Tujuan langsung dari penelitian ini adalah untuk mengkarakterisasi parameter
semen ular jagung, meliputi penampilan semen, volume, dan konsentrasi serta
motilitas dan morfologi sperma dan untuk menentukan umur panjang motilitas
spermatozoa ular jagung yang disimpan pada suhu 4 0C. Proyek ini menggunakan
teknik ini untuk mengembangkan program pengumpulan, penyimpanan dingin, dan
pengiriman untuk ular yang ditangkap dan liar. Saat ini, keragaman genetik ular yang
dipelihara di lembaga zoologi AS terbatas. Teknik yang dikembangkan dalam
penelitian ini dapat digunakan untuk mengumpulkan dan menyimpan sperma dari ular
liar yang terancam atau hampir punah. Materi genetik ini kemudian dapat diangkut ke
seluruh dunia dengan metode pengiriman yang didinginkan dan digunakan untuk
membuahi ular betina secara artifisial.

C. Bahan dan Metode

Dua puluh dua ular jagung jantan dewasa dengan rentang usia 3 sampai 10
tahun diperoleh untuk pengumpulan semen dari kolektor reptil swasta yang berlokasi
di Louisiana. Sampel diambil antara bulan Mei dan Juni 2005. Semua ular yang
digunakan dalam penelitian ini telah berhasil direproduksi pada tahun 2004. Ular
ditempatkan dalam wadah plastik (58x43x13 cm; 23x17x5 inci). Suhu lingkungan dan
kelembaban dipertahankan antara 260C dan 270C dan 50% dan 60%, masing-masing.

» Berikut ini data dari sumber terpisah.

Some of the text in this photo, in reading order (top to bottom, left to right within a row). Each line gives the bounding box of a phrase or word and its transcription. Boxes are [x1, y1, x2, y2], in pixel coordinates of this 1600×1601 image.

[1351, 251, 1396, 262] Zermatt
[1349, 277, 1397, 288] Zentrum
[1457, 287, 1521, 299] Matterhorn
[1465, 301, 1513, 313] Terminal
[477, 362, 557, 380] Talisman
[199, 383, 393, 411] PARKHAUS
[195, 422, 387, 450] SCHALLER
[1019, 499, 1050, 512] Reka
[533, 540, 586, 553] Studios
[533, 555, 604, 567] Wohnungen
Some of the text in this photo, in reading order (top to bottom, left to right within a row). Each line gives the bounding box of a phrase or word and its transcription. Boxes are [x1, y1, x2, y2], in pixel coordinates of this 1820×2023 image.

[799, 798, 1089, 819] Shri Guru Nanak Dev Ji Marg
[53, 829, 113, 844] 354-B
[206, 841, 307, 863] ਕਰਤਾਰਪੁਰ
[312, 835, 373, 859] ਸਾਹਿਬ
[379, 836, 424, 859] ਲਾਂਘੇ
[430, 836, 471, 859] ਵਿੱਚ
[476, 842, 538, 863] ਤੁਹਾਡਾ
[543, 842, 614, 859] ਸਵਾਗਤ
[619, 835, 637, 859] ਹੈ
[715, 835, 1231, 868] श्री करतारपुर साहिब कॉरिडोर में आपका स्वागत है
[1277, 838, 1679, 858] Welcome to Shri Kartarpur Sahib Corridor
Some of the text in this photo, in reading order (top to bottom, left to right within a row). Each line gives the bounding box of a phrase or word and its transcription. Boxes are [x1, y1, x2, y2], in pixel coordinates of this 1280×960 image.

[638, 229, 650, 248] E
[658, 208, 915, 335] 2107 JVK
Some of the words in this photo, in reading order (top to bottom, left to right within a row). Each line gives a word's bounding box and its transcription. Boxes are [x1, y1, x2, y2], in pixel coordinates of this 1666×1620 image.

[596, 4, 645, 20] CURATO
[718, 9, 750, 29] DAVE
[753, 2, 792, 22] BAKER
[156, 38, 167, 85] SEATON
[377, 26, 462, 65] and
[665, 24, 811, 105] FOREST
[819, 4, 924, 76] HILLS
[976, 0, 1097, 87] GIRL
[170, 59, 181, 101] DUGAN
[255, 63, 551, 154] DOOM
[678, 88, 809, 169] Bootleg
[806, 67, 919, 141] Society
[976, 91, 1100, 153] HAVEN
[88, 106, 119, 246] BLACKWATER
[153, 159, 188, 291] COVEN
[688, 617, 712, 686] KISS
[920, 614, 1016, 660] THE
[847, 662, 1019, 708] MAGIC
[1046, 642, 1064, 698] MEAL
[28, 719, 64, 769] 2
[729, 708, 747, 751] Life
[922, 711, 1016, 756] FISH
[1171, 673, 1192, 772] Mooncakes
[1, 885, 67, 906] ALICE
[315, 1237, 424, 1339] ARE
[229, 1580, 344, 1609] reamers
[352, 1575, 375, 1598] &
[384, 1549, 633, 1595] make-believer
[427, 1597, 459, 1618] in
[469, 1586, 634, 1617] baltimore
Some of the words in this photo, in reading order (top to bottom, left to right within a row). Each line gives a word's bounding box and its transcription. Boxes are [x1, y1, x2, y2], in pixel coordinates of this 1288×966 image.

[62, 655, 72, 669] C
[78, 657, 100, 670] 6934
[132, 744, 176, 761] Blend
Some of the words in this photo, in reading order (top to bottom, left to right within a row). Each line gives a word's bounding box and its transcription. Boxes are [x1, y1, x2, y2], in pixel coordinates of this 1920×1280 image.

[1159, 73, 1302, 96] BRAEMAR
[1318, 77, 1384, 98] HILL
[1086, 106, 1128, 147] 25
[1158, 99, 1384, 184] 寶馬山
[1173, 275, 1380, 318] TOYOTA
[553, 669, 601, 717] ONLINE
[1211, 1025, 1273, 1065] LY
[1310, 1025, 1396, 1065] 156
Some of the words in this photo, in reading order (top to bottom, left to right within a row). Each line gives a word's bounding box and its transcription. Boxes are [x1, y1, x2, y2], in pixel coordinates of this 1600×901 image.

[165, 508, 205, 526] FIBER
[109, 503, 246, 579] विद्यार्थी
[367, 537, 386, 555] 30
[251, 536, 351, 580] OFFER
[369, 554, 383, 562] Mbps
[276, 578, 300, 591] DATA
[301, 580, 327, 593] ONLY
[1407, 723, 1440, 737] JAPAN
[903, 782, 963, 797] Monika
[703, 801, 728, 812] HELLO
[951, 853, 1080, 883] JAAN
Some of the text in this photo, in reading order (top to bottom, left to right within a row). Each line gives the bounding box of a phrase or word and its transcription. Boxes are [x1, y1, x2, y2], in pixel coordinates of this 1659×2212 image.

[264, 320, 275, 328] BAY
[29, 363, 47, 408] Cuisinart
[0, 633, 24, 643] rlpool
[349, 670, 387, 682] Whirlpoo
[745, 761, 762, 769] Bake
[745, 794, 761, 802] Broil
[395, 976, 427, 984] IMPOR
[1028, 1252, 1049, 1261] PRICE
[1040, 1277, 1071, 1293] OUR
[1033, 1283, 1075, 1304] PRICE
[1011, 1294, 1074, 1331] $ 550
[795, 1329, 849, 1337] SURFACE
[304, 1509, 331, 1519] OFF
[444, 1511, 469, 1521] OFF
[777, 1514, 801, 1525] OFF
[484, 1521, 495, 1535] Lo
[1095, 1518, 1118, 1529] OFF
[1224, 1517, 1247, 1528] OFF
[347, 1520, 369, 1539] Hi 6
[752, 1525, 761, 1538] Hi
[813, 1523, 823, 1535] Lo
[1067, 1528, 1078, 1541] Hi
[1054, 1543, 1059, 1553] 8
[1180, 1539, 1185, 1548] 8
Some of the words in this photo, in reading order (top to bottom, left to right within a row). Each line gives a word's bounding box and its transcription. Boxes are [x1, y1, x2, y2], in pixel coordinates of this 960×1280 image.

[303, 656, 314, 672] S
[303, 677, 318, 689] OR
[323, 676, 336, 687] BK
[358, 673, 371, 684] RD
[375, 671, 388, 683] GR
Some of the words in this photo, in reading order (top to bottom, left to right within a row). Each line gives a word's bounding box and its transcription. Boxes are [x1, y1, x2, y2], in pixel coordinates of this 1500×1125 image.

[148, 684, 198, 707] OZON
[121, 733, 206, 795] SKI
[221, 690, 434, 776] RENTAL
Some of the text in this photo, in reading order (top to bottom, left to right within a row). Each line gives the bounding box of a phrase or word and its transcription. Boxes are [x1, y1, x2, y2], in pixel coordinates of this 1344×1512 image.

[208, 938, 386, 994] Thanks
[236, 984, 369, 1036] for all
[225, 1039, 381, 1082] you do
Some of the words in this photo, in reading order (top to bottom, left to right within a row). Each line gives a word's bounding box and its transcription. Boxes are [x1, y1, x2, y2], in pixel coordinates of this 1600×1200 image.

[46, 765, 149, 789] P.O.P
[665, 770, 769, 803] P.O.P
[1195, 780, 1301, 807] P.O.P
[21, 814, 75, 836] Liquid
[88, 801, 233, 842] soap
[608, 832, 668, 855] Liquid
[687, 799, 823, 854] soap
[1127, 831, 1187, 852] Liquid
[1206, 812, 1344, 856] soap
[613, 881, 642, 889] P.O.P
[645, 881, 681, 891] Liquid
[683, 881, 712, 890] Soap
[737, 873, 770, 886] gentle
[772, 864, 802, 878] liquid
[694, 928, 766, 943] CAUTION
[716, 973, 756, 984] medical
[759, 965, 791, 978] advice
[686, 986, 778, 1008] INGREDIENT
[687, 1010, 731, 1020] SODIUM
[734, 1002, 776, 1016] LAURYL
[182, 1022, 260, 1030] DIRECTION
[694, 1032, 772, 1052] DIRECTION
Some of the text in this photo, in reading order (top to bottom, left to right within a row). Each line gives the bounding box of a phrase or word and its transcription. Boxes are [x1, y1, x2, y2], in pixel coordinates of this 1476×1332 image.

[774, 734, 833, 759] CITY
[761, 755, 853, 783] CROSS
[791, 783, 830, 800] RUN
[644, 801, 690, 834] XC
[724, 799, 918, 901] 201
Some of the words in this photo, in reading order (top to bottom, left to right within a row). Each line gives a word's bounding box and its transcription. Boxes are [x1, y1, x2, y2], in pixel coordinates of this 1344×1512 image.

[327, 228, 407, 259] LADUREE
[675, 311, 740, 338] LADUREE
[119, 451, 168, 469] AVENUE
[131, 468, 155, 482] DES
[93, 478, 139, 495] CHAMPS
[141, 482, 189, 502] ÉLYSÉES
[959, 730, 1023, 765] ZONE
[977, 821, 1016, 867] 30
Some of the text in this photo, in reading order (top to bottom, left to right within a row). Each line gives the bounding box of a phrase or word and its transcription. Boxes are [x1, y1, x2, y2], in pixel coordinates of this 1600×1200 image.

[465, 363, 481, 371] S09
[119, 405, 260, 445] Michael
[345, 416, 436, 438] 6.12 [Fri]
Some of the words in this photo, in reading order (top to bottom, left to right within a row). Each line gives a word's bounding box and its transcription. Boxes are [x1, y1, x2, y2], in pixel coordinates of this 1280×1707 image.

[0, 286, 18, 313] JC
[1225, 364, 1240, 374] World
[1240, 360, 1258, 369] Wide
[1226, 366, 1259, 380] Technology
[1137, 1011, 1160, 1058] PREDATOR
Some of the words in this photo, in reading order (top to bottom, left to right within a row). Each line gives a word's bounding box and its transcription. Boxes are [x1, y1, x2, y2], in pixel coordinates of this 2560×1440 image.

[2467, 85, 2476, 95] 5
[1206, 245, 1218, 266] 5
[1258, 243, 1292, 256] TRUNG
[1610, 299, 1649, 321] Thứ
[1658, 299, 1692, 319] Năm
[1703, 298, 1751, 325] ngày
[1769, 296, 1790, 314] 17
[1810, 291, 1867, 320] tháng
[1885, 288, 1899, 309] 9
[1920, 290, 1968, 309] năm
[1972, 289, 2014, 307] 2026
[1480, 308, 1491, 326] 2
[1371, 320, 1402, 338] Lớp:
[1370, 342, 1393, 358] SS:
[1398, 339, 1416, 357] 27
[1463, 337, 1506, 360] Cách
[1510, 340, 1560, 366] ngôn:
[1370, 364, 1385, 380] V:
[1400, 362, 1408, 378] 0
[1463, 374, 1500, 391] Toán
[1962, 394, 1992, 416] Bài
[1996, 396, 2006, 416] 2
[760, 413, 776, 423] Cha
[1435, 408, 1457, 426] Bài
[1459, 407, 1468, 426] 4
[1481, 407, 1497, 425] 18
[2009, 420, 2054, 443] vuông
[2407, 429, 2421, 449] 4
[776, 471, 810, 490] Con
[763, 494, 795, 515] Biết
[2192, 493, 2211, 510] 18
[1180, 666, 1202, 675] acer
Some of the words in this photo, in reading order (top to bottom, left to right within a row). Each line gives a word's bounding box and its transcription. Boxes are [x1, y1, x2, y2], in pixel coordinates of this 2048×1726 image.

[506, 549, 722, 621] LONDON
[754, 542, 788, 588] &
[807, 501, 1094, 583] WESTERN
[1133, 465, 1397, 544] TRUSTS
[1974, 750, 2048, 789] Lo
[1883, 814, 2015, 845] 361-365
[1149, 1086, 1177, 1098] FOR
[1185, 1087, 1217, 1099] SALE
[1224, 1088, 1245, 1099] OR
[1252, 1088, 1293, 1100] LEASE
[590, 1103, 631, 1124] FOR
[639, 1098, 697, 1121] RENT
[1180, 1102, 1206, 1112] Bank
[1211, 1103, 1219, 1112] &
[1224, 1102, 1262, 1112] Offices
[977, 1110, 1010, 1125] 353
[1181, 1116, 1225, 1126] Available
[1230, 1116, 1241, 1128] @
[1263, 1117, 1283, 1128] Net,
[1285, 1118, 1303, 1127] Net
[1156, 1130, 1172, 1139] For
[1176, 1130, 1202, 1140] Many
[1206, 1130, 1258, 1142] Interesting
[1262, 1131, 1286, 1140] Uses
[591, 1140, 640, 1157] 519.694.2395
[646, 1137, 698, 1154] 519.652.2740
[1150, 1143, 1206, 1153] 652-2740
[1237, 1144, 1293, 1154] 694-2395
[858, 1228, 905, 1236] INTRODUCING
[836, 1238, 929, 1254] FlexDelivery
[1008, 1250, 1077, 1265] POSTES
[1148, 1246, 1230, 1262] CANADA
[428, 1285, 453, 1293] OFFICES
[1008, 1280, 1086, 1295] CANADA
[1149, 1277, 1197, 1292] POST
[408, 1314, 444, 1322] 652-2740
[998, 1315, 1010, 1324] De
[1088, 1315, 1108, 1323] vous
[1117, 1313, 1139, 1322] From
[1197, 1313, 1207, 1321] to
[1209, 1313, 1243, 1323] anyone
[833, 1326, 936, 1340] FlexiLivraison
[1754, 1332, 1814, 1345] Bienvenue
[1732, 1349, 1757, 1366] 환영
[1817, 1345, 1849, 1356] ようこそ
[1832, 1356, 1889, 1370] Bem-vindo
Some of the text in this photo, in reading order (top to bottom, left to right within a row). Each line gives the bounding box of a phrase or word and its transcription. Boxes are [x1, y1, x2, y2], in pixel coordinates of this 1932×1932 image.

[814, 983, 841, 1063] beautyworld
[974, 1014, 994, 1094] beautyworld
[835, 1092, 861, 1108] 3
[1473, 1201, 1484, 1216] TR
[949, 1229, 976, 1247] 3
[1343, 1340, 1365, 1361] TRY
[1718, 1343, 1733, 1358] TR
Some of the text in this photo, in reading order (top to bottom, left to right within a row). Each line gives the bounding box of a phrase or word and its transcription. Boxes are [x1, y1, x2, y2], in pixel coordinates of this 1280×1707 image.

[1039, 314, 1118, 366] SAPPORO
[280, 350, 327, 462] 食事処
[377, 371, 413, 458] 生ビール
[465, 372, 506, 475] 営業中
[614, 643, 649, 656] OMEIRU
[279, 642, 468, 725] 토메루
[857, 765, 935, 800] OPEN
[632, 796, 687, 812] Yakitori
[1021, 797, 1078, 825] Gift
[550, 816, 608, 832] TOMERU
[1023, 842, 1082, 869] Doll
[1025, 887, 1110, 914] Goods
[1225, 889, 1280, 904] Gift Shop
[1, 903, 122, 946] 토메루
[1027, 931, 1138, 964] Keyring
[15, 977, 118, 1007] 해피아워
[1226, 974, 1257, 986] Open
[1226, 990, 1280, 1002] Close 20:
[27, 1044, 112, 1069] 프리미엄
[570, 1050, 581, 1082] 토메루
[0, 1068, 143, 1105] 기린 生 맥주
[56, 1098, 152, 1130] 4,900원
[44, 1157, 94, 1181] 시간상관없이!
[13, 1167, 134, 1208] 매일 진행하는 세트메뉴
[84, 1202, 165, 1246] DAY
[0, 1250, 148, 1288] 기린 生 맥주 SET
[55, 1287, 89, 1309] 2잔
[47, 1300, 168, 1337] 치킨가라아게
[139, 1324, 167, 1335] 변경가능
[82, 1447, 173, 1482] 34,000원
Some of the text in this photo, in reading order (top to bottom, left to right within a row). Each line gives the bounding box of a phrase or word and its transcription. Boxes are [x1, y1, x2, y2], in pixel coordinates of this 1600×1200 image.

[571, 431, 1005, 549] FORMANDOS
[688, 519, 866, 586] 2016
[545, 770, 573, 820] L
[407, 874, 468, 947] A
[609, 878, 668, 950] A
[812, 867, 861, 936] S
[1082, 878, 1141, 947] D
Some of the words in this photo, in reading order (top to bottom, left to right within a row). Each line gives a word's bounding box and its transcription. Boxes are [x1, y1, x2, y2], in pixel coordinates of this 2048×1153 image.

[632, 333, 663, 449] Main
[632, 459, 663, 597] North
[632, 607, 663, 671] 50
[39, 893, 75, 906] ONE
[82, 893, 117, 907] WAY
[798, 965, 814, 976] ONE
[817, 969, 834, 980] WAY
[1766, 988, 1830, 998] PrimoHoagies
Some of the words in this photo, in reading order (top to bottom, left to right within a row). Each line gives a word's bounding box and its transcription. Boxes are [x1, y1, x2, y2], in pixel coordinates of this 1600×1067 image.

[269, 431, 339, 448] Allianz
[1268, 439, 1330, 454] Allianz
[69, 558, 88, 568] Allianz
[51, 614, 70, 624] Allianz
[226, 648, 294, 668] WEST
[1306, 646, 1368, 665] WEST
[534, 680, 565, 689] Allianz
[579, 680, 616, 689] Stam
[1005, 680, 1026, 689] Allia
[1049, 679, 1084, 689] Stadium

Ular-ular itu diberikan mangsa tikus utuh setiap minggu dan memiliki akses ke air
keran yang diklorinasi dalam mangkuk.
Pengambilan sampel
Pemeriksaan fisik menyeluruh dilakukan pada hewan untuk memastikan
bahwa dalam keadaan sehat. Kotoran di sekitar kloaka dibuang secara manual untuk
meminimalkan kontaminasi. Kloaka dibilas dengan salin fisiologis sebelum
pengambilan sampel. Semen dikumpulkan dengan pijatan digital craniocaudal lembut
sepertiga caudoventral ular. Semen yang dikeluarkan dikumpulkan dengan jarum
suntik tuberkulin. Sampel semen tunggal dikumpulkan dari setiap ular.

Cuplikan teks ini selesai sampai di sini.